TASK REQUIREMENTS. Start to finish, print the data below exactly, without the images.

INPUT FOR THIS TASK.
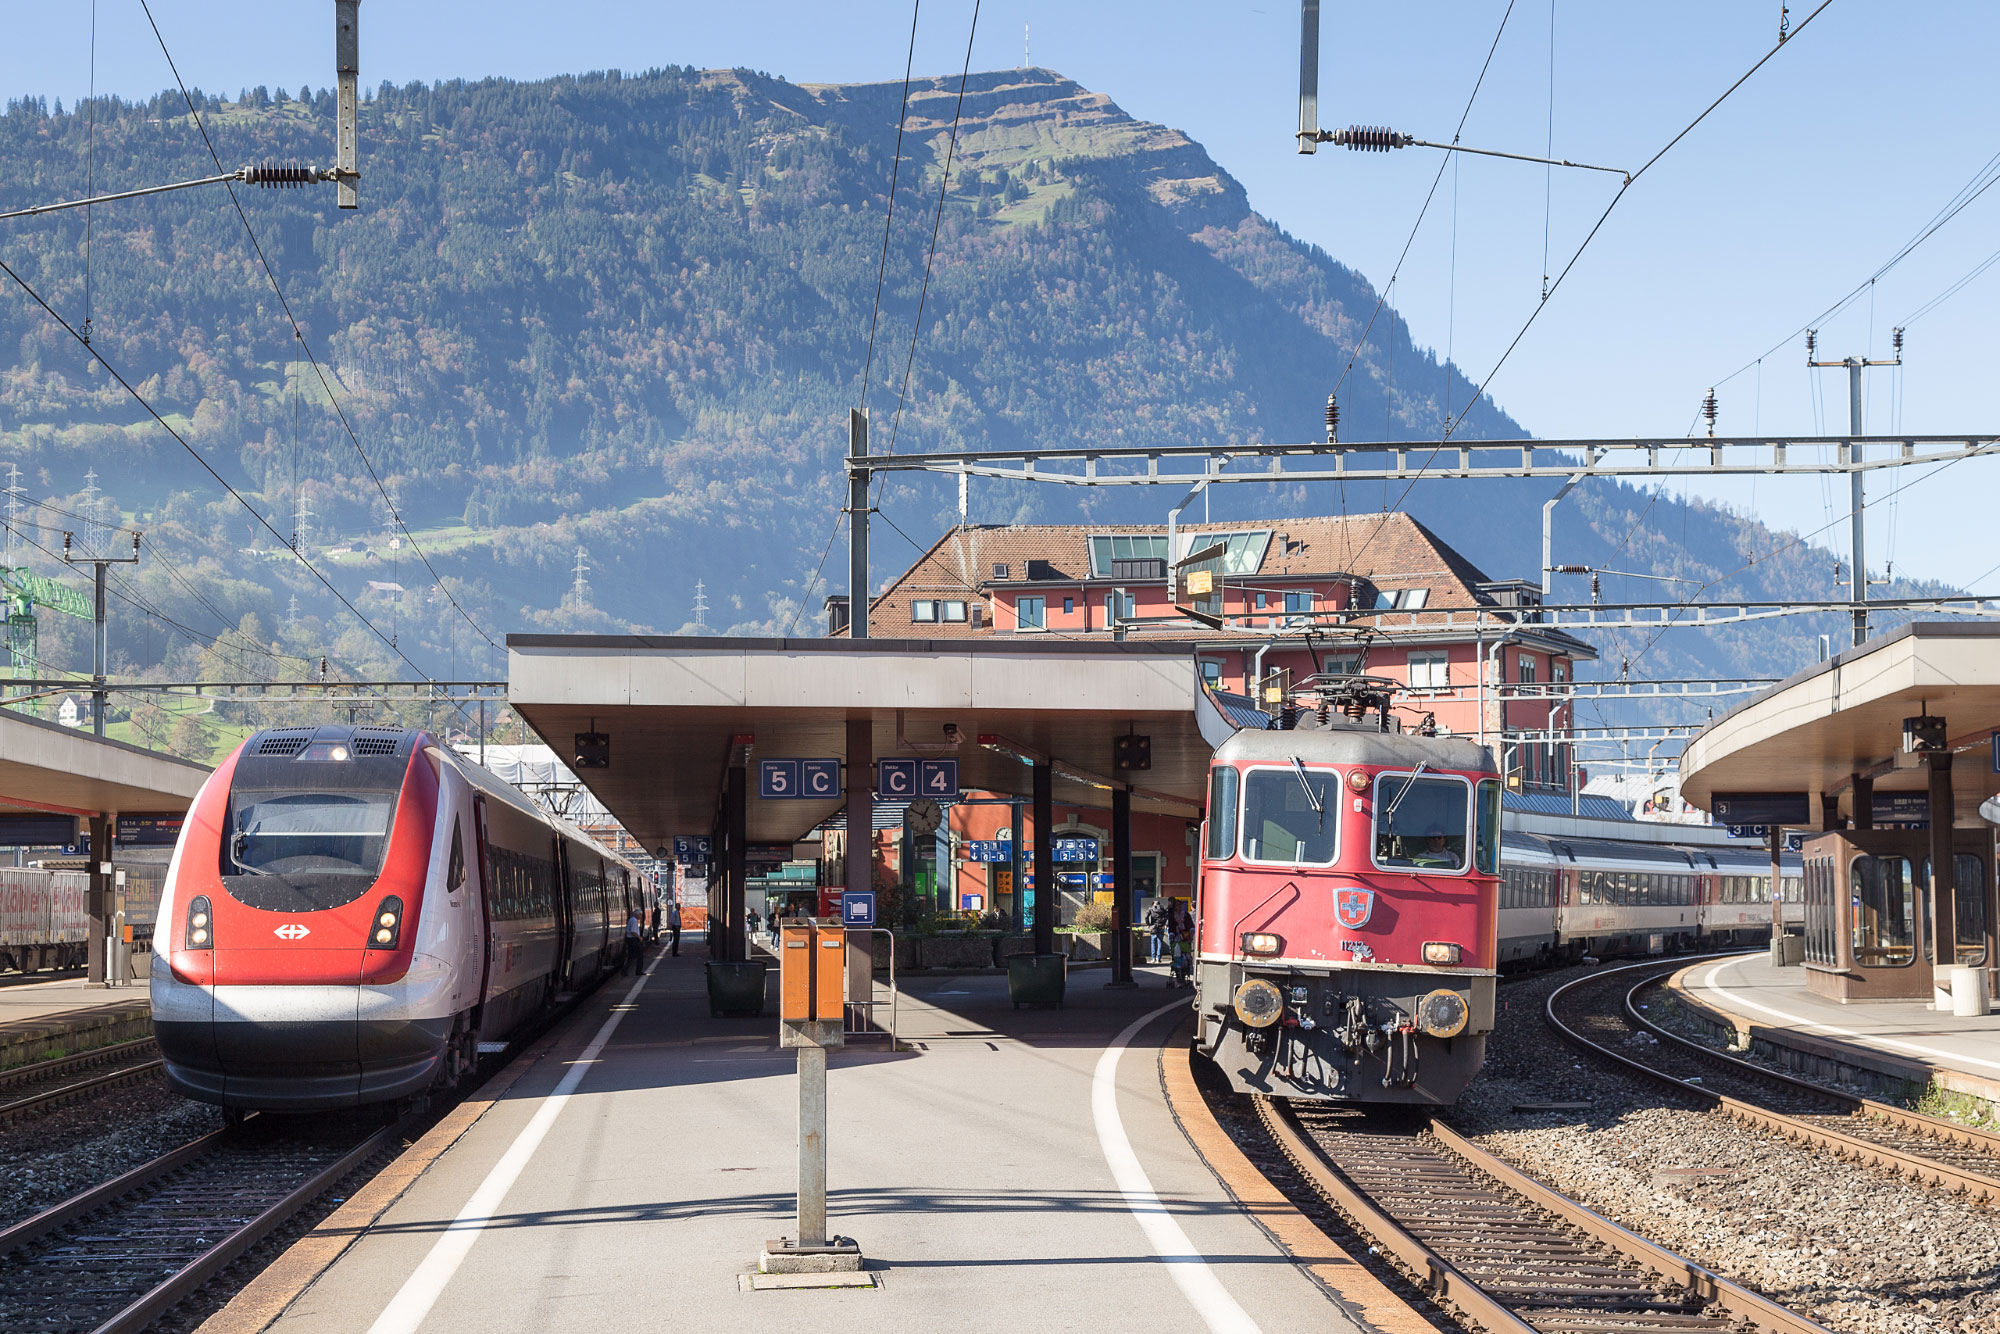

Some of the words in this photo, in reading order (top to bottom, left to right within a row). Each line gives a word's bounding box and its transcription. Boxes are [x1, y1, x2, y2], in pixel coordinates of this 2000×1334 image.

[771, 771, 787, 792] 5
[812, 771, 829, 792] C
[889, 771, 906, 792] C
[930, 771, 947, 791] 4
[1719, 805, 1727, 814] 3
[1733, 825, 1742, 835] 3
[1753, 825, 1762, 835] C
[679, 841, 688, 852] 5
[698, 841, 707, 852] C
[1793, 839, 1801, 848] 3
[682, 854, 689, 862] 5
[697, 854, 705, 862] B
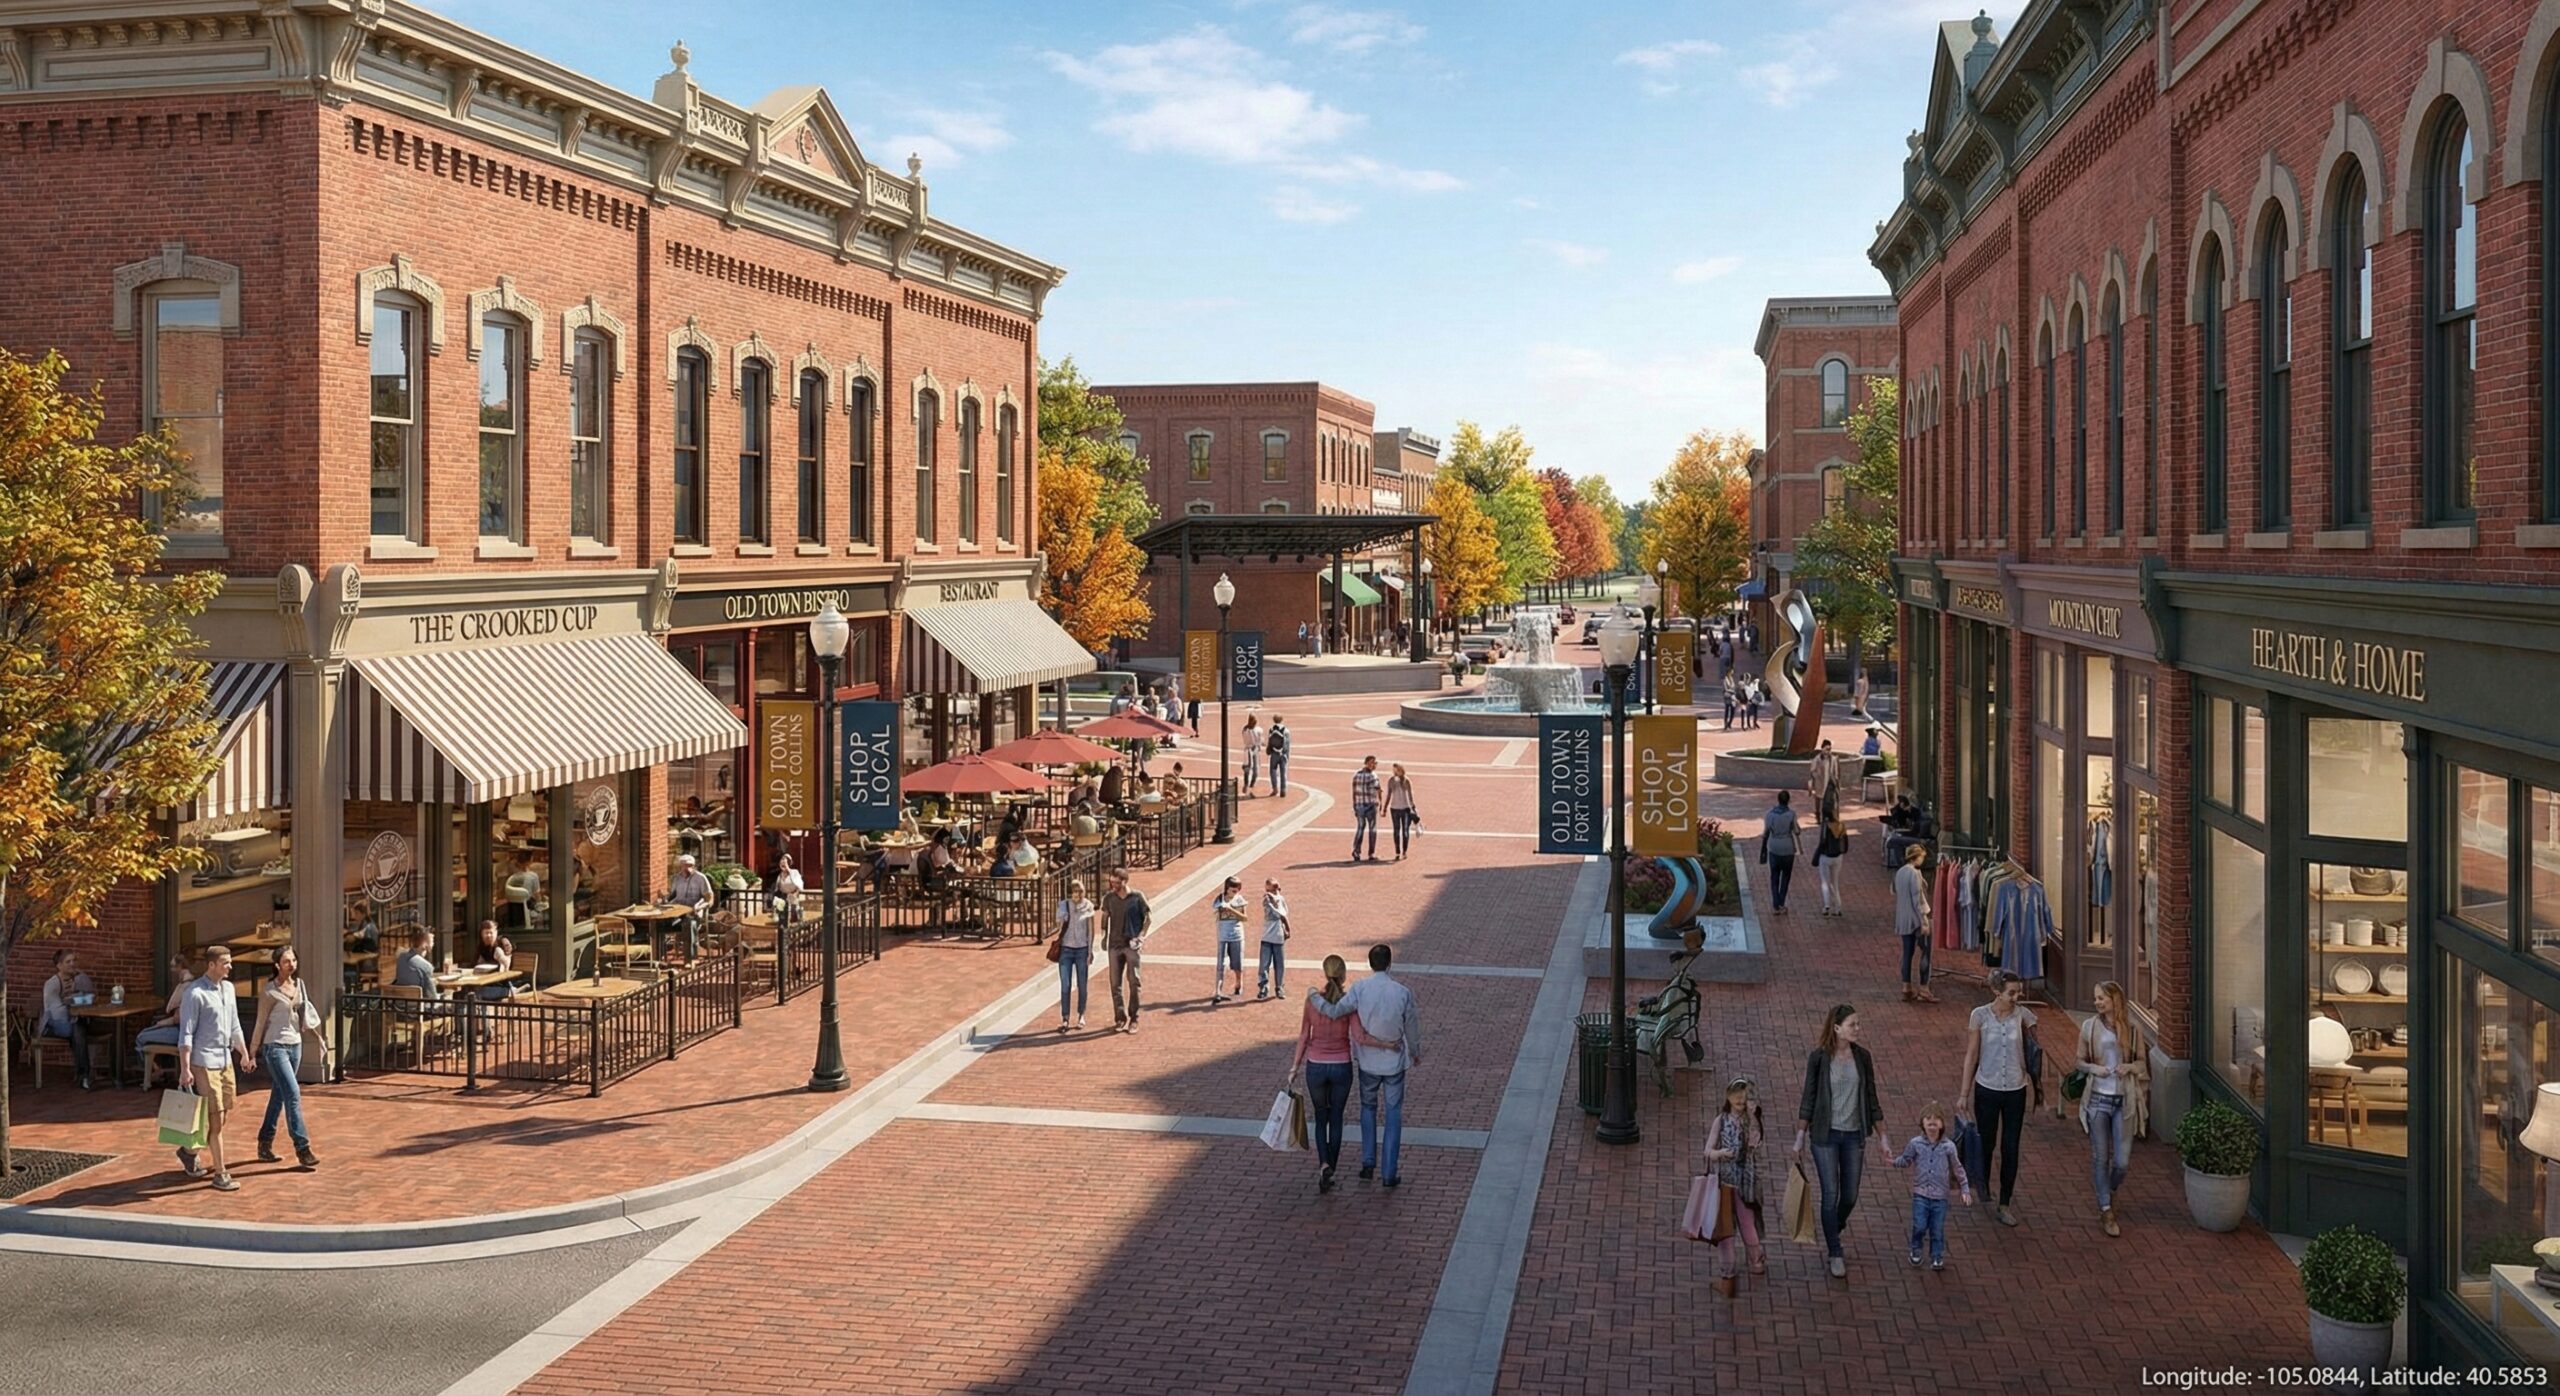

PROBLEM SOLUTION.
Some of the words in this photo, in reading order (top to bottom, left to right within a row). Each line gives a word's bounding box and its transcription. Boxes are [x1, y1, x2, y2], in pixel coordinates of this 2000×1334 image.

[771, 771, 787, 792] 5
[812, 771, 829, 792] C
[889, 771, 906, 792] C
[930, 771, 947, 791] 4
[1719, 805, 1727, 814] 3
[1733, 825, 1742, 835] 3
[1753, 825, 1762, 835] C
[679, 841, 688, 852] 5
[698, 841, 707, 852] C
[1793, 839, 1801, 848] 3
[682, 854, 689, 862] 5
[697, 854, 705, 862] B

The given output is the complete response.